WORK ORDER. Extract the text of every entry below exactly; leave images out.

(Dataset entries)
- - - -

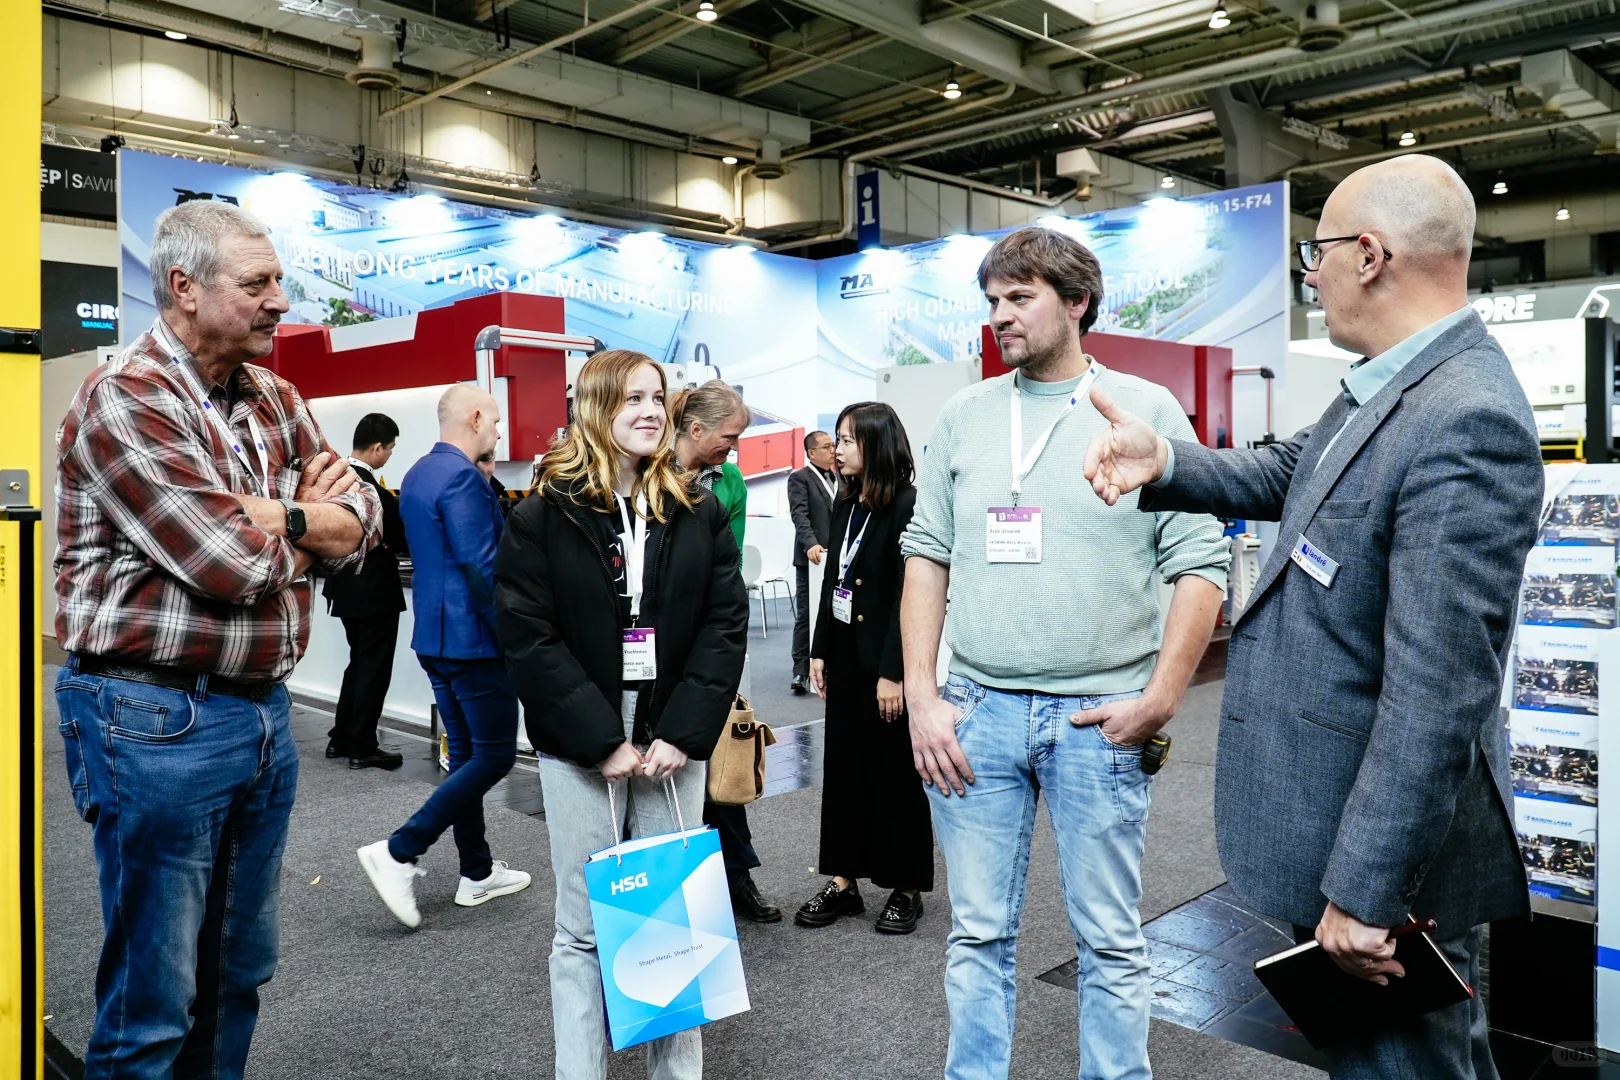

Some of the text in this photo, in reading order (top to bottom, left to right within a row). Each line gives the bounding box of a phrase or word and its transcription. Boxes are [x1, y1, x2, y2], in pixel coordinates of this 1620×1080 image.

[72, 173, 117, 193] SAWI
[1223, 193, 1272, 213] 15-F74
[336, 246, 417, 280] LONG
[425, 257, 510, 291] YEARS
[516, 269, 549, 294] OF
[554, 274, 736, 316] MANUFACTURING
[1123, 266, 1189, 295] TOOL
[924, 290, 990, 319] QUALI
[1308, 548, 1327, 567] landré
[610, 872, 648, 895] HSG
[638, 957, 656, 968] Shape
[673, 948, 690, 957] Shape
[690, 943, 704, 952] Trust
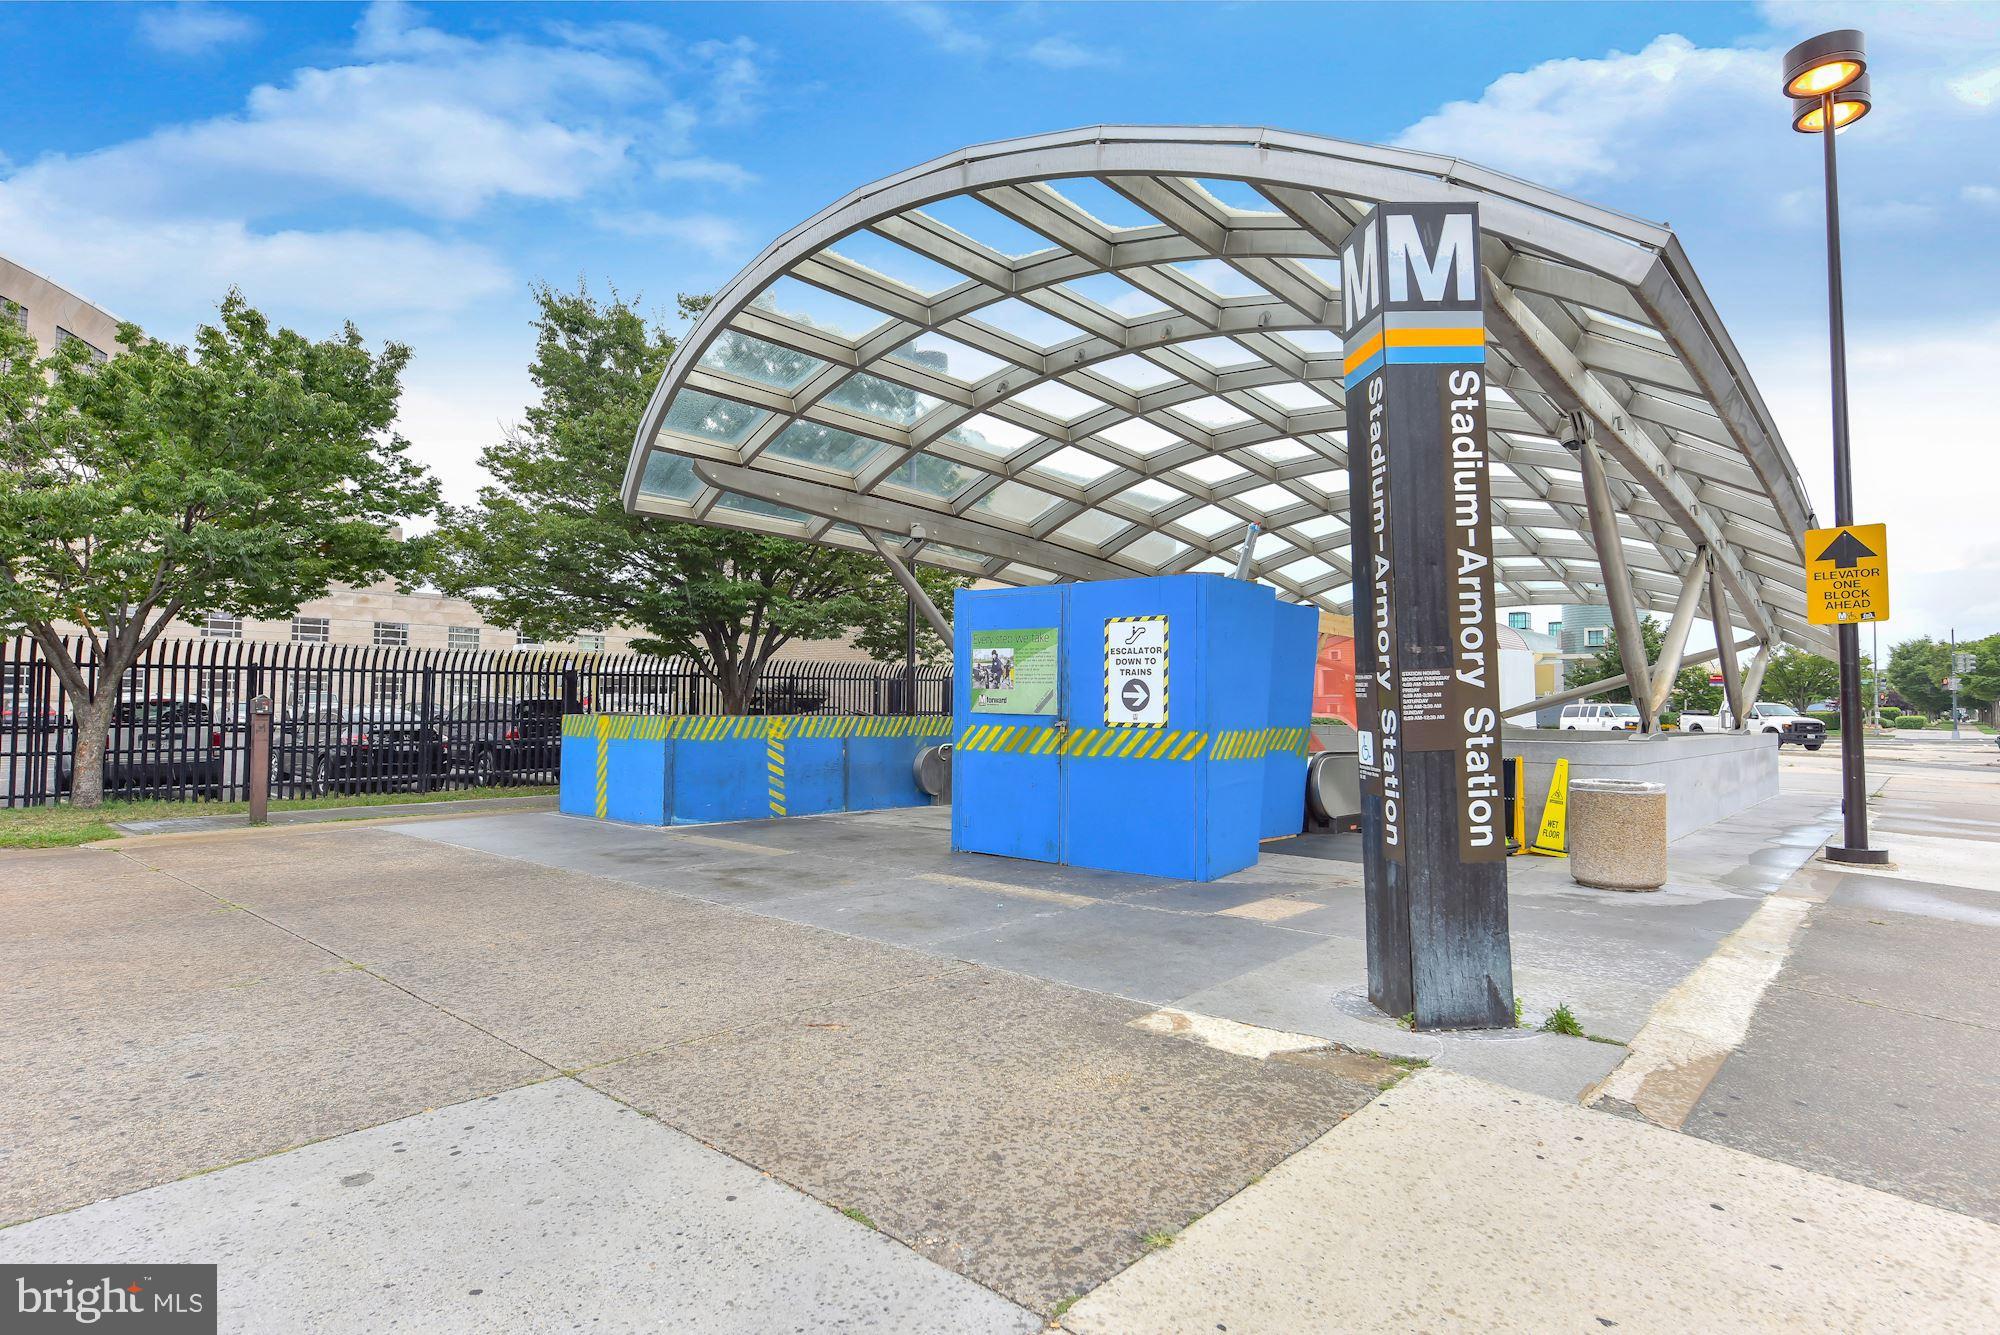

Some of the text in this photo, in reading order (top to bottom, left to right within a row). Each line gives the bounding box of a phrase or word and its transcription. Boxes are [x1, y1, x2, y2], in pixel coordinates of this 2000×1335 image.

- - - -

SOLUTION.
Some of the text in this photo, in reading order (top to bottom, left to right within a row). Each line gives the bounding box of a phrase or word and its transcription. Boxes are [x1, y1, x2, y2], in pixel coordinates of this 1620×1080 image.

[72, 173, 117, 193] SAWI
[1223, 193, 1272, 213] 15-F74
[336, 246, 417, 280] LONG
[425, 257, 510, 291] YEARS
[516, 269, 549, 294] OF
[554, 274, 736, 316] MANUFACTURING
[1123, 266, 1189, 295] TOOL
[924, 290, 990, 319] QUALI
[1308, 548, 1327, 567] landré
[610, 872, 648, 895] HSG
[638, 957, 656, 968] Shape
[673, 948, 690, 957] Shape
[690, 943, 704, 952] Trust

Some of the text in this photo, in reading order (top to bottom, left to right within a row). Each line gives the bounding box of a phrase or word and its transcription. Boxes are [x1, y1, x2, y2], in pixel coordinates of this 2000×1335 image.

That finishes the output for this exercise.